Carbonate apatite nanoparticles carry siRNA(s) targeting growth factor receptor genes egfr1 and erbb2 to regress mouse breast tumor

Abstract

Cancer cells lose their control on cell cycle by numerous genetic and epigenetic alterations. In a tumor, these cells highly express growth factor receptors (GFRs), eliciting growth, and cell division. Among the GFRs, epidermal growth factor receptor-1 (EGFR1) (Her1/ERBB1) and epidermal growth factor receptor-2 (EGFR2) (Her2/ERBB2) from epidermal growth factor (EGF) family and insulin-like growth factor-1 receptor (IGF1R) are highly expressed on breast cancer cells, thus contributing to the aggressive growth and invasiveness, have been focused in this study. Moreover, overexpression of these receptors is related to suppression of cell death and conferring resistance against the classical drugs used to treat cancer nowadays. Therefore, silencing of these GFRs-encoding genes by using selective small interfering RNAs (siRNAs) could be a powerful approach to treat breast cancer. The inorganic pH sensitive carbonate apatite nanoparticles (NPs) were used as a nano-carrier to deliver siRNA(s) against single or multiple GFR genes in breast cancer cells as well as in a mouse model of breast carcinoma. Silencing of egfr1 and erbb2 simultaneously led to a reduction in cell viability with an increase in cell death signal in the cancer cells and regression of tumor growth in vivo.

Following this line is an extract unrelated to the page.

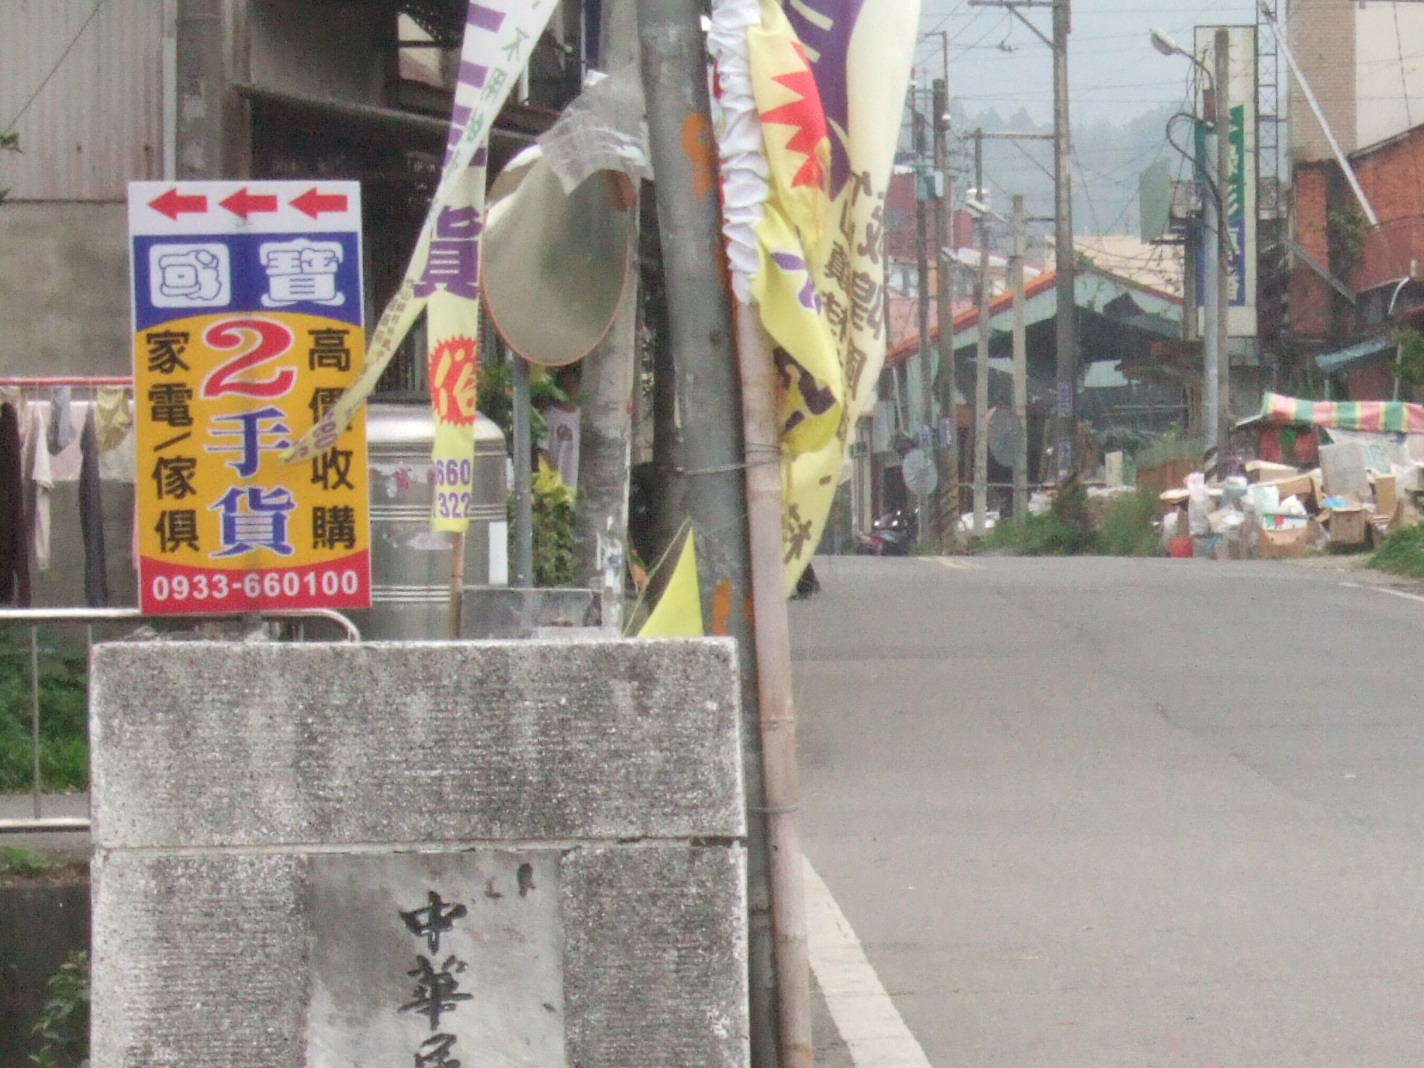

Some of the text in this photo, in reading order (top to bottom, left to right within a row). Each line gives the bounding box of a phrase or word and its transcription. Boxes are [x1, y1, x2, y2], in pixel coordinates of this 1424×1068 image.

Keywords: Growth factor receptors; breast cancer; carbonate apatite nanoparticles (NPs); gene silencing; siRNA; tumor regression.

Figure 1.

(a) Size of NPs and binding interaction of negative siRNA with NPs formed with different conc. of CaCl₂. NPs were formed with 1–7 mM of exogenous CaCl₂ and 5 nM of AF488 negative control siRNA. (b) Cellular uptake of NPs-bound fluorescent negative siRNA. MCF-7 cells were treated with (i, ii) media (untreated), (iii, iv) NPs, (v, vi) free siRNA, and (vii, viii) NPs-siRNA formed with 3 mM of CaCl₂ and 10 nM AF488 negative control siRNA. Photos were captured at 40× magnification. Upper panel-light images, bottom panel-fluorescent images. Bar indicates 20 µm scale. (c) Fluorescence intensity of intracellular components. MCF-7 cells were treated with NPs, free siRNA, and NPs-siRNA formed with 3 mM of CaCl₂ and 10 nM AF488 negative control siRNA. After 6 h, fluorescence intensity of cell lysates was measured. Values are represented for duplicate samples: *p < .05 compared to NPs treatment.

Figure 2.

Effect of NPs-loaded siRNA against single gene on viability of MCF-7 cells. Cells were treated with media (untreated), NPs, and NPs-siRNA (1 nM) formed with 3 mM CaCl₂. Values are represented as % of cell viability compared to untreated cells for triplicate samples. (a) NPs-negative siRNA and siRNA against; (b) egfr1; (c) erbb2; and (d) igf1r gene was used. *p < .05 compared to NPs treatment.

Figure 3.

(a) Effect of NPs-loaded siRNA against single gene on caspase-mediated luminescence signal in MCF-7 cells. Cells were treated with media (untreated), NPs and NPs-siRNA (1 nM each siRNA against single GFR gene) formed with 3 mM of CaCl₂. Data were represented as mean ± SD for duplicate samples. (b) Effect of NPs-loaded siRNAs against combination of multiple GFR genes (egfr1, erbb2, and igf1r genes) on viability of MCF-7 cells. Cells were treated with media (untreated), NPs and NPs-siRNAs (1 nM each) formed with 3 mM CaCl₂. Values are represented as % of cell viability compared to untreated cells for triplicate samples. *p < .05 compared to NPs treatment.

Figure 4.

(a) Effect of NPs-negative siRNA on tumor outgrowth in 4T1-cells induced mouse model. Mice were treated intravenously through tail-vein injection with 100 µL of either NPs or NPs-negative siRNA (50 nM) formed with 70 mM of CaCl₂. (b–d) Effect of NPs-siRNA(s) against single or multiple GFR genes on tumor outgrowth in 4T1-cells induced mouse model designed. Mice were treated intravenously through tail-vein injection with 100 µL of free/NPs-siRNA(s) formed in 70 mM of CaCl₂ and 50 nM of individual siRNA(s). Tumor outgrowth of mice treated with panel (b), NPs-siRNA against single GFR gene, (c) NPs-siRNAs against egfr1 and erbb2 genes, and (d) free/NP-siRNAs against all three GFR genes. Six mice/group were used and data were represented as mean ± SD. *p < .05 compared to NPs treatment.